I have to design a frequency counter using a 555 timer as a pulse generator. I included a schematic for part of the circuit, but this is my first time using a 555, so I also included the original circuit that it is based off, just in case I didn't translate it correctly. As shown, the values for \$C\$ and \$C_1\$ are \$1µF\$ and \$.1µF\$ respectively.

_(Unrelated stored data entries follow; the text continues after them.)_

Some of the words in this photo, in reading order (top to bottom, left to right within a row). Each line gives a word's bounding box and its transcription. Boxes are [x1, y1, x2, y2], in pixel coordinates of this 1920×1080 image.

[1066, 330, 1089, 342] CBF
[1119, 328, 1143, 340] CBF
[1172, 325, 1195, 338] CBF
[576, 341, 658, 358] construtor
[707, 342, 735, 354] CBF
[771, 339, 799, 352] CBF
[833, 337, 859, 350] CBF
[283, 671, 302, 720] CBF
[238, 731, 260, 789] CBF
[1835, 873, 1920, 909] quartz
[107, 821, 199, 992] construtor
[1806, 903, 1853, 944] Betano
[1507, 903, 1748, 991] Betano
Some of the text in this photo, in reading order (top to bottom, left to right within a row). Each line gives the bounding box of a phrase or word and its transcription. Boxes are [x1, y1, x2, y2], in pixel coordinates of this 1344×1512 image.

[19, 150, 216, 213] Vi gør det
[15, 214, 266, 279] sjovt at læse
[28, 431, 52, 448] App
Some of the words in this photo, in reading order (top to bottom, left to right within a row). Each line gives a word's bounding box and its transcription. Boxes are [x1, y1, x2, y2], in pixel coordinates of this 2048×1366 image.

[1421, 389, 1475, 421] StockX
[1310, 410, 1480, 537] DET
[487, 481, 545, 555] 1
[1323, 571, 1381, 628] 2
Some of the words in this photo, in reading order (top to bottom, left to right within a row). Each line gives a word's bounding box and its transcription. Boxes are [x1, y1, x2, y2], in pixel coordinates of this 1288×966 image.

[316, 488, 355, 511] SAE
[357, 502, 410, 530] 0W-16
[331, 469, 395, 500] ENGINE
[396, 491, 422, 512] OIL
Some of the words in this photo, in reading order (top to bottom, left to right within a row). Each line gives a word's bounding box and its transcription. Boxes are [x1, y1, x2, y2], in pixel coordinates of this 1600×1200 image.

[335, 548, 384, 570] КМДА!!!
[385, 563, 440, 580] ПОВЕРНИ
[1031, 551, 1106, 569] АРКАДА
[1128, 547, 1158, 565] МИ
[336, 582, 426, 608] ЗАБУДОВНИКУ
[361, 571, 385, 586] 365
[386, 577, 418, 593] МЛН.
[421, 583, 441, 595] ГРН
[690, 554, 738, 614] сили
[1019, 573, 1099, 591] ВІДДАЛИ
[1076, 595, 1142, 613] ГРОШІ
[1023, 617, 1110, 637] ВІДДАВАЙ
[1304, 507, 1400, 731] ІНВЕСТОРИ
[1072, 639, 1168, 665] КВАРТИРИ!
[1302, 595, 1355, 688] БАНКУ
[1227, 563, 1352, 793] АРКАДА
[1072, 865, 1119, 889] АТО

simulate this circuit – Schematic created using CircuitLab
We have an equation for the frequency
$$ f=\frac{1}{T}=\frac{1.44}{(R_1+2R_2)C}$$
And one for the duty cycle
$$ D=\frac{T_{H}}{T} (100\%) = \frac{R_1+R_2}{R_1+2R_2} (100\%) $$
I was assigned a value of 90% for \$D\$ and a value .1s for \$T_{H}\$. Using these values in the duty cycle equation I find \$T=\frac{1}{9}\$. Then using the equation for frequency I get the following relationship $$ R_1+2R_2=1.6\times{10^5} $$
Does this mean I can make \$R_1\$ and \$R_2\$ any value as long as they obey the relationship described above? My instructor gave us potentiometers and I think we have to somehow incorporate those in this part of the circuit. So should I pick a value for \$R_1\$ and adjust the potentiometer to the appropriate value for \$R_2\$?
Best Answer
You have two equations in two unknowns.. you need to solve them for R1 and R2. From the duty cycle equation:-
\$ R_1 + R_2 = 0.9R_1 + 1.8 R_2\$
Solving--I'll let you do your own algebra, you'll get unique values for R1 and R2 (given C = 1uF). I'll note that vvy's answer is slightly off (s/he does say "around").